# Assignment
Locate "this 1500×997 image." in the listing below, then output the line holding it and every line after it, exactly and with nothing else.

··· Material to process ···

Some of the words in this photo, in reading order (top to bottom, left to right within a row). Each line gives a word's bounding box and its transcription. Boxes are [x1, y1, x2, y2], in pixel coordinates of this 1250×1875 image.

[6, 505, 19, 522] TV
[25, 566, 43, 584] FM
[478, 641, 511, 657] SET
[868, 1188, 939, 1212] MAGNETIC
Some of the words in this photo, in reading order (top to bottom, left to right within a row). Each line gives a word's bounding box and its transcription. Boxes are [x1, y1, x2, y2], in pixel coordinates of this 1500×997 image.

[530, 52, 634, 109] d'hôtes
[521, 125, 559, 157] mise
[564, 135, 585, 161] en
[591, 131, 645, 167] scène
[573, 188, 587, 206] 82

···

# Answer to this exercise
Some of the words in this photo, in reading order (top to bottom, left to right within a row). Each line gives a word's bounding box and its transcription. Boxes are [x1, y1, x2, y2], in pixel coordinates of this 1500×997 image.

[530, 52, 634, 109] d'hôtes
[521, 125, 559, 157] mise
[564, 135, 585, 161] en
[591, 131, 645, 167] scène
[573, 188, 587, 206] 82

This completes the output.